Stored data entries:
—————

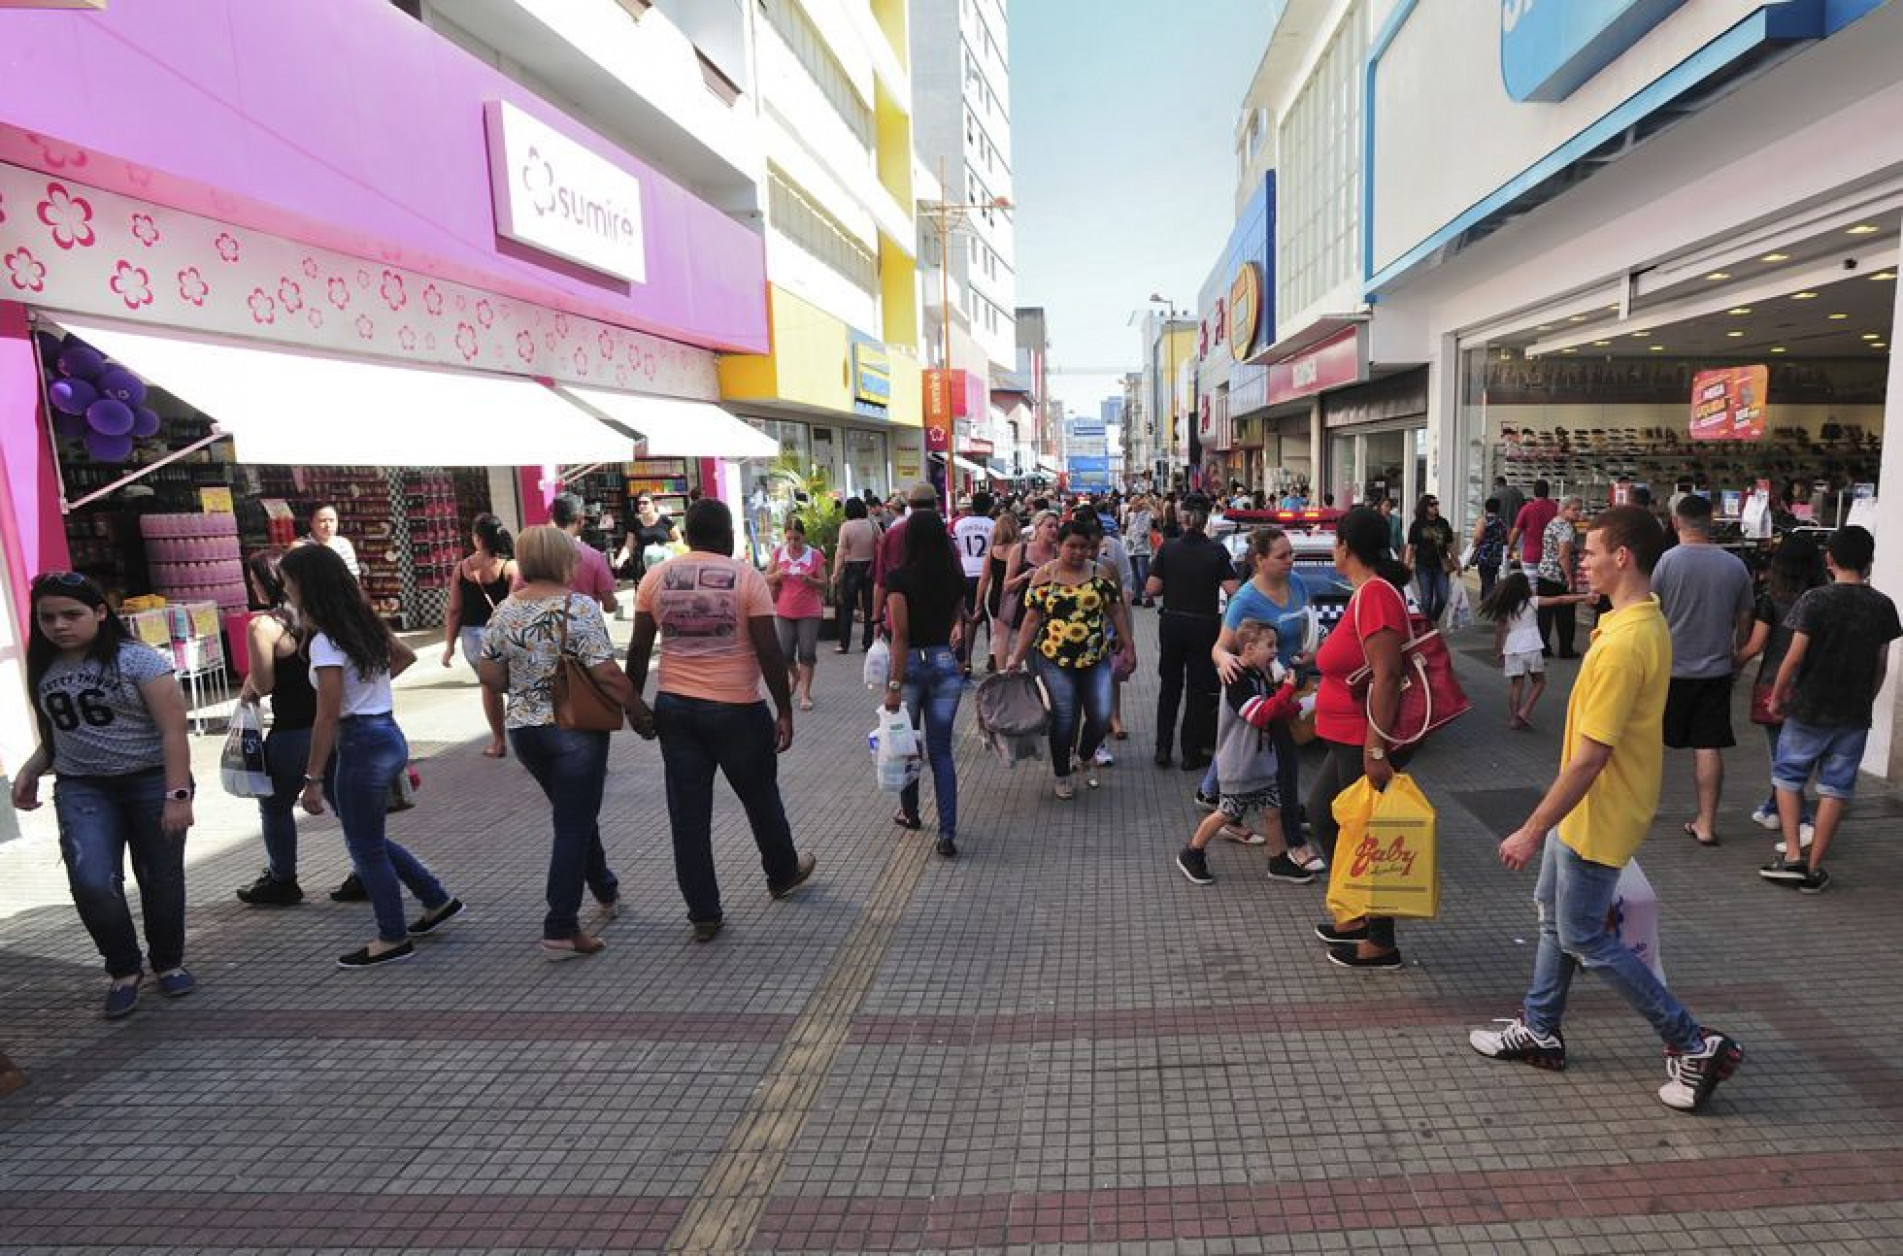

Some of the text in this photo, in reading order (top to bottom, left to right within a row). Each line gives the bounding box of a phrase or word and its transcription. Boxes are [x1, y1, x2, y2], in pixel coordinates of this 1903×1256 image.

[966, 534, 988, 557] 12
[46, 689, 115, 731] 86
[1349, 833, 1417, 878] Baby
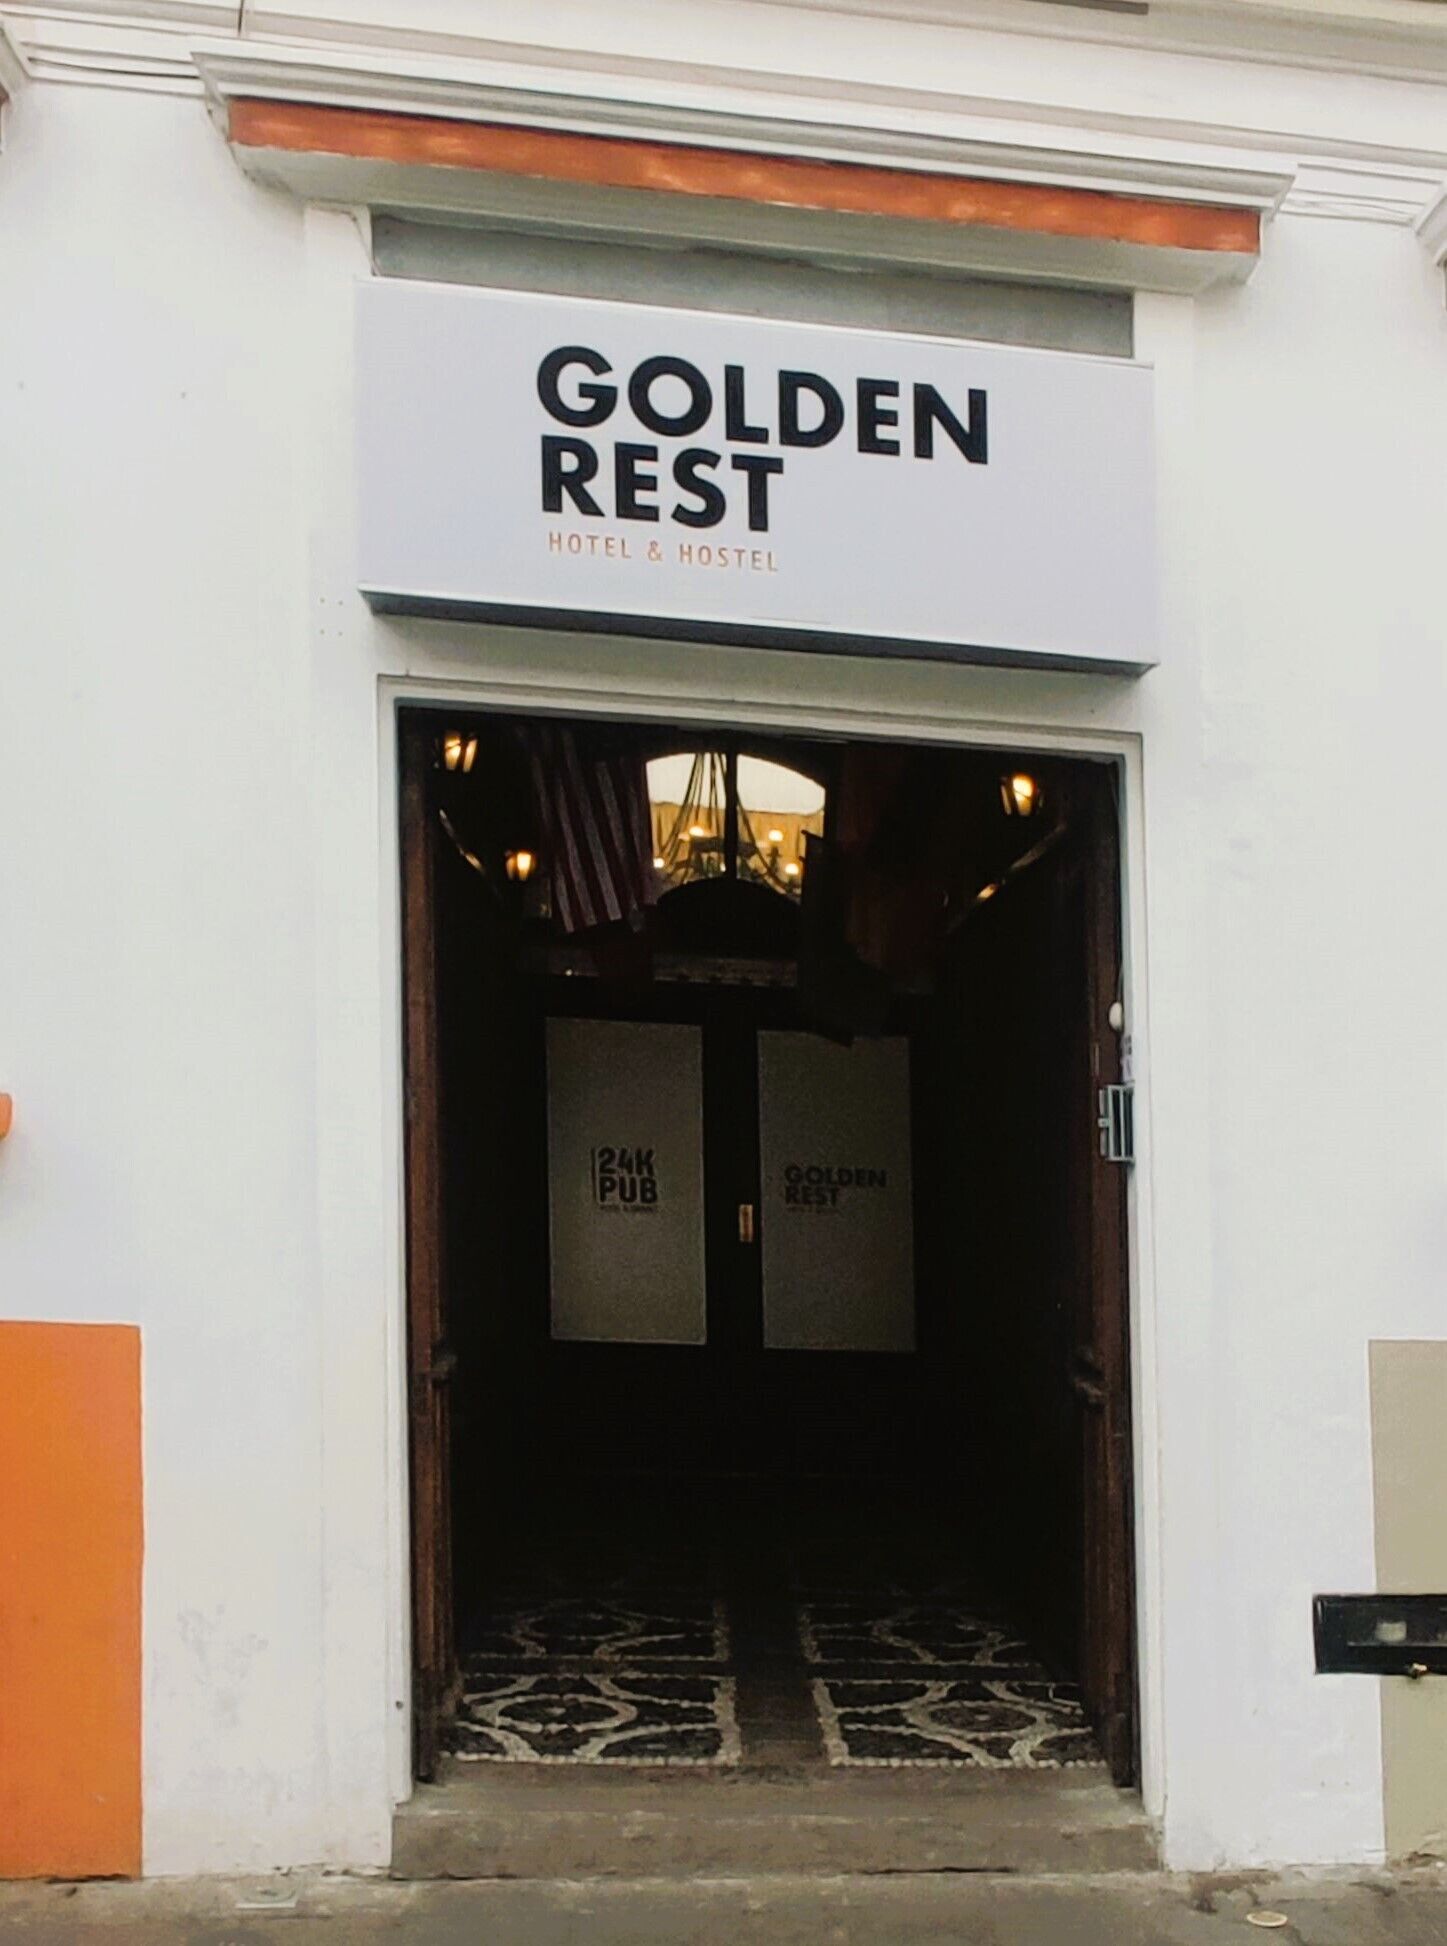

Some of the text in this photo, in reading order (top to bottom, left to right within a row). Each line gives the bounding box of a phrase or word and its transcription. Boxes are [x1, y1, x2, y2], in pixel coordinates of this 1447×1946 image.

—————

What the exercise asks: Print every entry above verbatim but drop the images.

Result for this exercise:
Some of the text in this photo, in reading order (top to bottom, left to right within a row). Each line gives the bounding box of a phrase or word and its transcription. Boxes are [x1, y1, x2, y2], in pixel coordinates of this 1903×1256 image.

[966, 534, 988, 557] 12
[46, 689, 115, 731] 86
[1349, 833, 1417, 878] Baby

Some of the text in this photo, in reading order (top to bottom, left to right within a row). Each line gives the bounding box of a phrase or word and its transcription. Boxes are [x1, y1, x2, y2], in pixel coordinates of this 1447×1946 image.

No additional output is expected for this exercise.